FOUR of the international game’s most substantial and popular figures have been added to the Barbarians’ Roll of Honour.

Schalk Brits, Joe Rokocoko, George Smith and Doddie Weir are the latest quartet to join the likes of Sir Gareth Edwards, Jonah Lomu and David Campese in the list of the club’s greatest players.

The Roll of Honour now lists 41 key figures in the history of the famous invitation club. The decision to recognise these players on is made by the club’s committee.

Barbarian FC Chairman John Spencer said: “Each year we set out to recognise significant contributions made by our players and Schalk Brits, George Smith, Joe Rokocoko and Doddie Weir all deserve that acclaim. 

“These four players have 251 international caps between them in different areas of the field, often pushing the boundaries of the way rugby can be played.

“They’re also outstanding individuals who bring friendship, fun and energy to a team, something that is the essence of what it means to play for the Barbarians.

“We’re particularly delighted to recognise Doddie Weir, a marvellous player and teammate who has met the challenge of Motor Neurone Disease by bravely and selflessly raising awareness and funding for research into the condition.”

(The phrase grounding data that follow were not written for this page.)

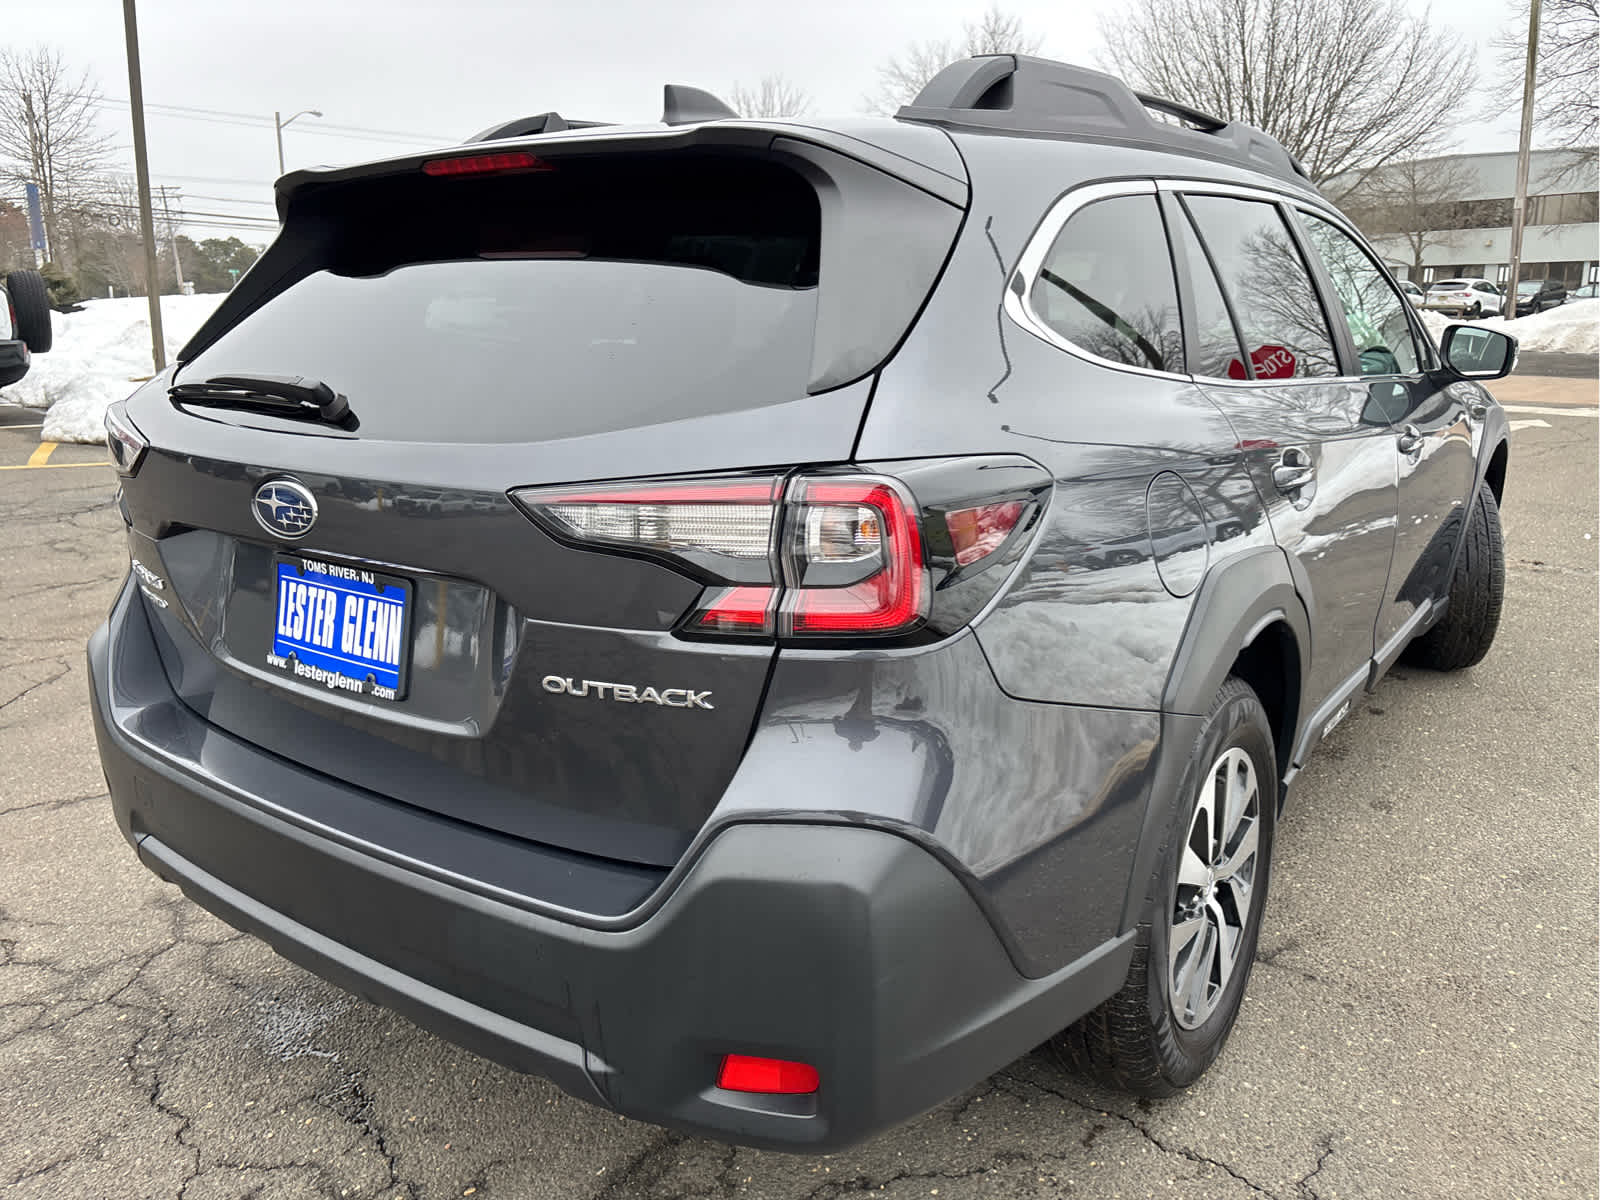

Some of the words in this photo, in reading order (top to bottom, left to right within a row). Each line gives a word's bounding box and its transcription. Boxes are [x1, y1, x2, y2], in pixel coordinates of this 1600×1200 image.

[302, 559, 327, 574] TOMS
[329, 565, 359, 581] RIVER,
[362, 572, 375, 585] NJ
[278, 580, 337, 649] LESTER
[341, 594, 403, 666] GLENN
[542, 675, 715, 710] OUTBACK
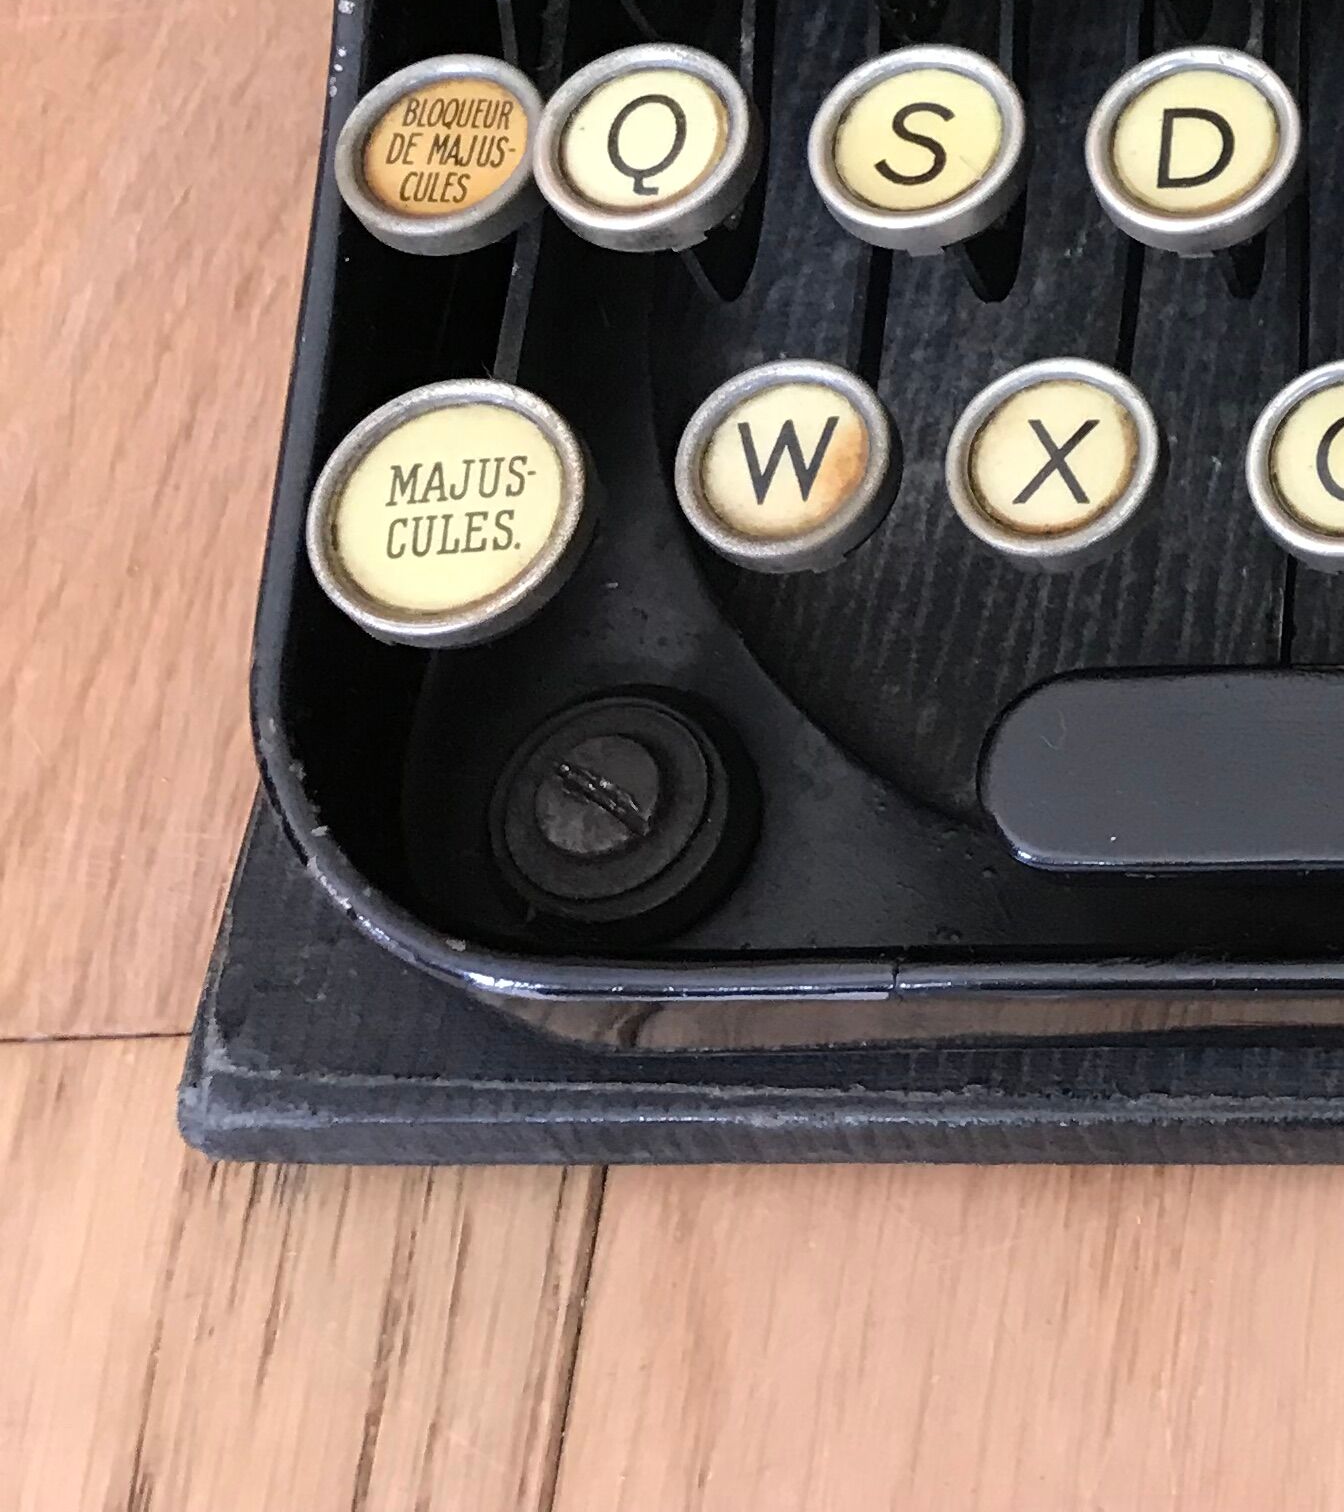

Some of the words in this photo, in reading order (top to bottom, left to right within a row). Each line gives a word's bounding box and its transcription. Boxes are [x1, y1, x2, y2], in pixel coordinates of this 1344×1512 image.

[402, 98, 513, 130] BLOQUEUR
[608, 95, 687, 195] Q
[875, 103, 954, 185] S
[386, 133, 423, 165] DE
[427, 133, 516, 168] MAJUS-
[1157, 108, 1234, 188] D
[400, 172, 470, 203] CULES
[385, 455, 537, 507] MAJUS-
[737, 415, 841, 506] W
[1013, 420, 1101, 505] X
[386, 509, 522, 559] CULES.

The 41 players listed on the Barbarians Roll of Honour are as follows: Phil Bennett, Bill Beaumont, Schalk Brits, Zinzan Brooke, Mike Burton, David Campese, WP Carpmael, Jerry Collins, Emile de Lissa, Gerald Davies, David Duckham, Gareth Edwards, Mike Gibson, HL Glyn-Hughes, Jerry Guscott, Bryan Habana, David Humphreys, Andy Irvine, John Jeffrey, Jack Kyle, Jason Leonard, Jonah Lomu, Michael Lynagh, Cliff Morgan, Tony O’Reilly, Philip Orr, Francois Pienaar, John Pullin, Derek Quinnell, Andy Ripley, Joe Rokocoko, Budge Rogers, Philippe Sella, Fergus Slattery, George Smith, John Spencer, Micky Steele-Bodger, Herbert Waddell, Doddie Weir, RH Williams, Geoff Windsor-Lewis.

Schalk Brits

Schalk Brits

The effervescent Schalk Brits is one of the most popular players to wear the Barbarians shirt with teammates and supporters alike. The hooker’s ability to contribute all over the field has earned him 11 caps for South Africa and at the age of 37 he was still pushing for a place in the 2019 World Cup. After a spell with the Stormers he moved to Saracens where for 10 years he was one of the architects of the club’s rise to the top of European rugby, winning four Premiership titles and two European Cups. He made eight appearances for the Barbarians, starting with the win over South Africa in 2007 and most recently in the victory against Argentina in 2018.


Joe Rokocoko

The great Fiji-born wing Joe Rokocoko was a devastating performer for New Zealand, scoring 46 tries in his 68 Test appearances between 2003-11.  The tally included three Test hat-tricks before he brought down the curtain on his career with the All Blacks and the Blues in Auckland to move to France in 2011. The tries kept on coming in four years with Bayonne and since 2015 with Racing Metro 92. He has made eight appearances for the Barbarians with a debut victory against newly-crowned World Cup winners South Africa in 2007 and wins against New Zealand and England. His last tour in 2015 saw the Barbarians beat Ireland 22-21 at Thomond Park.

George Smith

George Smith is arguably the greatest Australia player of the professional era who continues to set standards for his teammates even at the age of 38. The flanker made 111 appearances for the Wallabies between 2000 and 2013 winning every honour the game has to offer in the Southern Hemisphere. He captured Super Rugby titles with the Brumbies, was the Super Rugby Player of the Year three times and the first man to win two John Eales Medals. In the back row he set supreme breakdown skills alongside the ability to run and handle like a three-quarter and brought his talents to bear in some of the Barbarians’ best recent performances. Smith made six appearances for the club between 2009 and 2015 beginning with a historic win over New Zealand at Twickenham. He also featured in victories against England, Wales and Ireland.

Doddie Weir

Doddie Weir

A mainstay of Scotland’s forward pack in the 1990s, Doddie Weir won 61 caps and played for Stewarts Melville, Newcastle Falcons, Melrose and the Borders. He featured for the Barbarians six times, making his debut against Newport in 1992 and captaining the club on his final appearance, a try-scoring one, against the Combined Services in 2002. The big-hearted lock has always been a popular character and accomplished after dinner speaker. In June 2017 Doddie revealed he was suffering from Motor Neurone Disease. This led to the launch of My Name’5 Doddie Foundation and in its first year, the charity committed £1 million to research into funding a cure for MND and to help fellow sufferers.